Como esta historia habrá otras, pues cientos de amores padecen penas y otros tantos de condenas, pero esta es la que hoy quiero contarles tal como me la ha contado doña Eleuteria Sagrario, en un pueblito perdido ente los cerros allá en el norte de la Rioja.
Y así dice que fue…
Vivían a principios del siglo pasado dos jóvenes que estaban muy enamorados. Sus padres se oponían a la boda, los de ella porque él era pobre, los de él porque ella era altanera. Pero el amor no entiende de razones, de clases sociales ni de impedimentos externos, y así fue como los enamorados se prometieron huir juntos jurándose que nada ni nadie podría separarlos.
Planearon todo con mucho cuidado y finalmente llegó la noche sin luna en que escapando cada uno a hurtadillas de su rancho se encontrarían a la salida del pueblo.
El joven antes de salir, decidió tomar en préstamo un dinero que sabía su padre ocultaba en el corral. Silencioso fue hasta el lugar y ya tomaba en sus manos la bolsa, cuando sin decir palabra, el padre, que lo creyó un ladrón, de un tiro lo mató.
Mientras tanto ignorante de todo, la muchacha esperaba a su enamorado a la salida del pueblo, tal como habían convenido. Cuando le vio acercarse suspiró aliviada. Él llegó cabizbajo junto a ella, y juntos emprendieron camino.
Como él no decía nada, ella se preguntaba ¿Por qué estará tan triste? ¿Será la pena de dejar a sus padres? ¿Será temor a no ser feliz conmigo? Y así mientras cavilaba llegaron junto al río. Nada más alcanzar la orilla él se detuvo negándose con un gesto a meterse al agua.
En vano fueron los ruegos de ella, en vano sus intentos. Preocupada la muchacha al notarlo tan callado y tan extraño, decidió ir en busca de una burra pensando que quizás él le temiera al agua.
Corrió entonces de regreso, cuidándose de no ser vista, tomó la burra y regresó, pero la burra al ver al joven rebuznó como enloquecida y huyó disparada como si la persiguieran mil demonios, ante la atónita mirada de la joven. Fue entonces cuando él alzó su rostro mostrándole unos ojos sin mirada, al verle ella gritó aterrada, él intentó sujetarla, ella intentó huir, él con voz de otro mundo le dijo:
—Me has jurado amor eterno. Me has jurado que nada ni nadie podrían separamos, ven conmigo— y al decirlo le sujetó fuerte la mano.

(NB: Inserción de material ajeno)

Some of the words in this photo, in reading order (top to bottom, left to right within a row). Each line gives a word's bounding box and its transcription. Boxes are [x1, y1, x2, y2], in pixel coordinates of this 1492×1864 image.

Ella comprendiendo que de un condenado se trataba, luchó por soltar su mano y en el forcejeo él le arrancó un dedo, desapareciendo en el mismo momento.
Regresó la pobre muchacha llorando desconsolada al pueblo, que a esas horas había despertado a causa de los gritos del padre que gemía ante su hijo muerto y los de la madre que le acusaba.

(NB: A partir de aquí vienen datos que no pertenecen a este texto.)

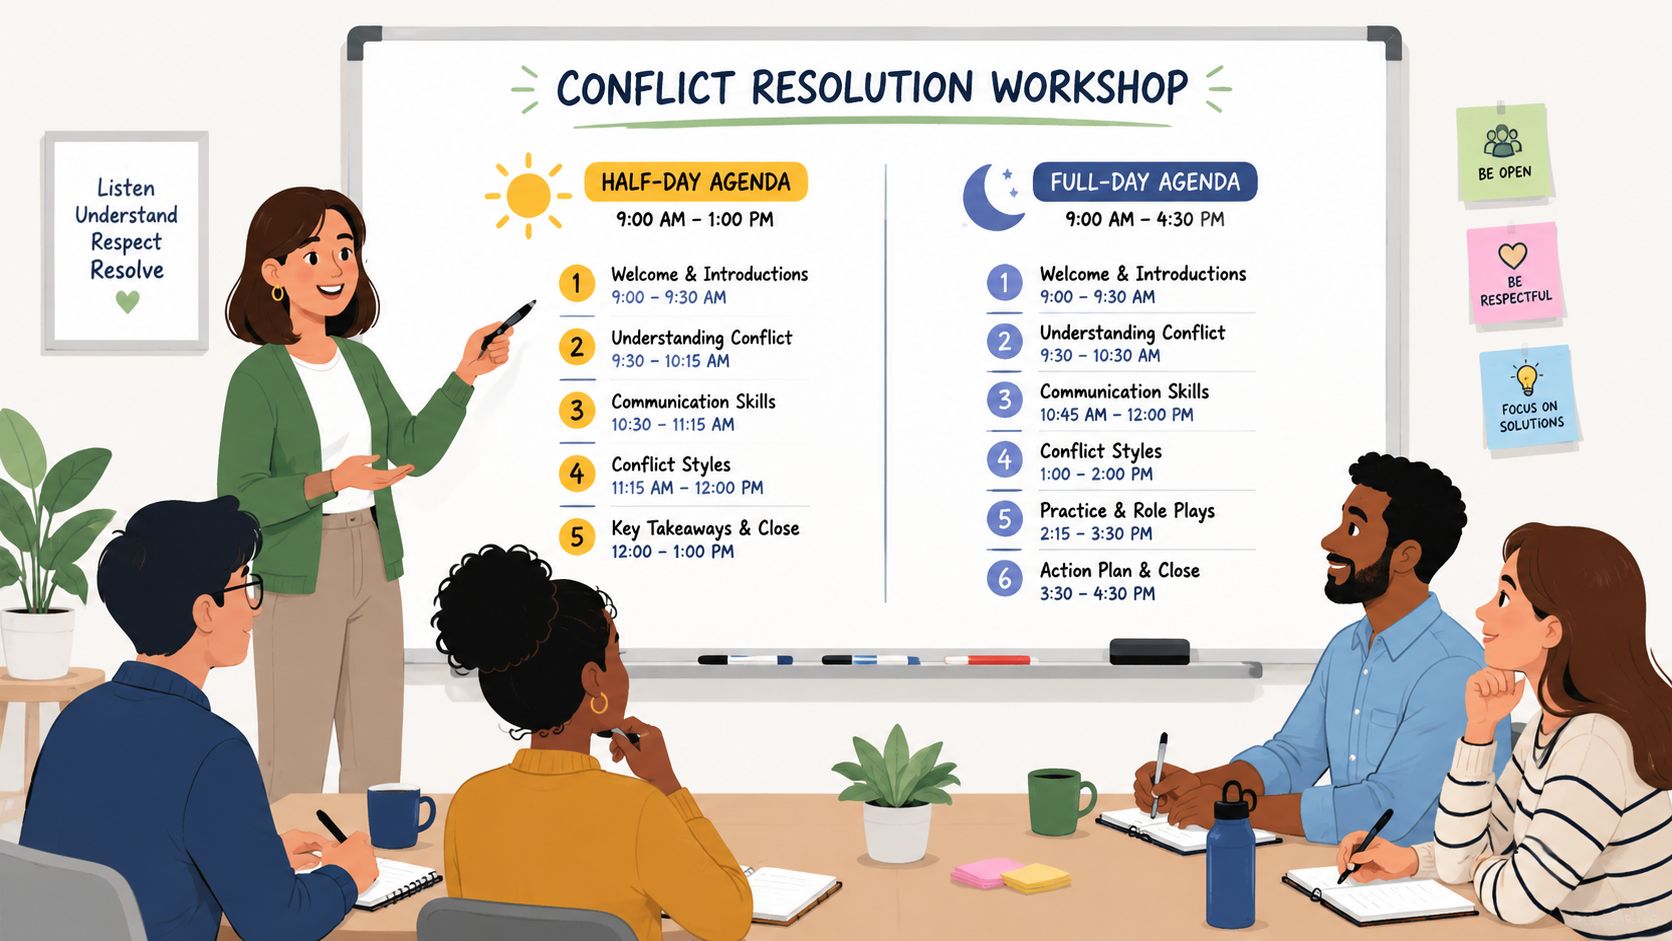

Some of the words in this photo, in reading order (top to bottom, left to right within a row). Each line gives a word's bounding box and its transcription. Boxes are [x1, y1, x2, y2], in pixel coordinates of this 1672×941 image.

[557, 70, 736, 106] CONFLICT
[753, 69, 973, 105] RESOLUTION
[992, 69, 1188, 105] WORKSHOP
[602, 172, 701, 191] HALF-DAY
[710, 172, 791, 192] AGENDA
[1052, 172, 1149, 191] FULL-DAY
[1159, 172, 1240, 191] AGENDA
[1479, 167, 1494, 180] BE
[1500, 166, 1531, 178] OPEN
[98, 177, 154, 197] Listen
[76, 205, 177, 223] Understand
[617, 211, 653, 227] 9:00
[660, 211, 685, 227] AM
[708, 212, 742, 227] 1:00
[750, 211, 773, 227] PM
[1066, 211, 1102, 227] 9:00
[1109, 211, 1134, 227] AM
[1157, 211, 1193, 227] 4:30
[1201, 211, 1224, 227] PM
[92, 232, 162, 256] Respect
[91, 259, 164, 280] Resolve
[611, 266, 678, 282] Welcome
[685, 265, 696, 282] &
[704, 265, 808, 281] Introductions
[1040, 265, 1110, 281] Welcome
[1117, 265, 1128, 281] &
[1136, 265, 1246, 281] Introductions
[572, 272, 581, 294] 1
[1000, 272, 1008, 293] 1
[1508, 276, 1522, 288] BE
[612, 290, 644, 304] 9:00
[665, 290, 698, 304] 9:30
[704, 290, 726, 304] AM
[1041, 290, 1073, 304] 9:00
[1094, 289, 1126, 303] 9:30
[1132, 289, 1155, 304] AM
[1481, 290, 1552, 306] RESPECTFUL
[612, 329, 724, 350] Understanding
[731, 329, 793, 346] Conflict
[998, 331, 1012, 352] 2
[1041, 324, 1155, 345] Understanding
[1162, 324, 1226, 341] Conflict
[570, 336, 584, 357] 2
[1041, 348, 1072, 362] 9:30
[1094, 348, 1132, 362] 10:30
[1138, 348, 1160, 362] AM
[612, 354, 644, 368] 9:30
[665, 354, 700, 368] 10:15
[707, 354, 729, 368] AM
[999, 388, 1012, 410] 3
[1040, 383, 1161, 399] Communication
[1168, 383, 1209, 399] Skills
[570, 399, 584, 421] 3
[612, 393, 729, 409] Communication
[736, 393, 776, 409] Skills
[1503, 403, 1537, 415] FOCUS
[1542, 401, 1557, 412] ON
[1041, 407, 1078, 421] 10:45
[1085, 407, 1107, 421] AM
[1128, 408, 1166, 421] 12:00
[1172, 407, 1193, 421] PM
[612, 417, 651, 431] 10:30
[673, 417, 705, 431] 11:15
[712, 417, 734, 431] AM
[997, 448, 1012, 470] 4
[1040, 442, 1105, 459] Conflict
[1112, 442, 1162, 464] Styles
[569, 462, 585, 485] 4
[612, 455, 675, 473] Conflict
[682, 456, 731, 477] Styles
[1041, 467, 1070, 481] 1:00
[1092, 467, 1125, 481] 2:00
[1132, 467, 1153, 481] PM
[612, 481, 644, 495] 11:15
[651, 480, 673, 495] AM
[696, 481, 735, 494] 12:00
[742, 480, 763, 495] PM
[999, 508, 1012, 530] 5
[1041, 502, 1107, 518] Practice
[1114, 501, 1126, 518] &
[1134, 502, 1167, 518] Role
[1174, 502, 1215, 523] Plays
[571, 526, 584, 548] 5
[612, 520, 640, 540] Key
[647, 519, 732, 540] Takeaways
[739, 519, 751, 536] &
[758, 519, 800, 536] Close
[1041, 527, 1070, 541] 2:15
[1092, 526, 1124, 541] 3:30
[1131, 526, 1152, 541] PM
[612, 544, 652, 558] 12:00
[674, 544, 705, 558] 1:00
[712, 544, 734, 559] PM
[998, 567, 1012, 590] 6
[1040, 562, 1091, 578] Action
[1099, 561, 1132, 578] Plan
[1139, 561, 1151, 578] &
[1158, 561, 1200, 578] Close
[1041, 586, 1072, 601] 3:30
[1093, 586, 1127, 601] 4:30
[1134, 586, 1155, 601] PM

Una tía de la joven al verla llegar ensangrentada y desgreñada, comprendiendo lo sucedido, se le acercó y le susurró:
—¿Tiene acaso algo tuyo el condenado?
—Un dedo que me ha quitado— contestó entre llantos la joven.
La tía se acercó al muerto y mientras fingía un devoto rezo, sin que nadie al viese, le quitó el dedo.
—Vamos ya al camposanto a rociar este dedo en agua bendita y a enterrarlo, para que no venga el muerto a buscarte antes que canten los gallos.
Así lo hicieron las dos. En la tarde enterraron al muerto junto al dedo ya enterrado. Arrodillada en la tumba lavó con lágrimas la joven la tierra que cubría el cuerpo hacía tan poco amado y entre susurros le dijo:
—Eterno amor te he jurado y he de cumplir mi promesa. El amor todo lo puede. Todo, menos ganarle a la muerte. Ya no vengas a buscarme, espera que yo te encuentre.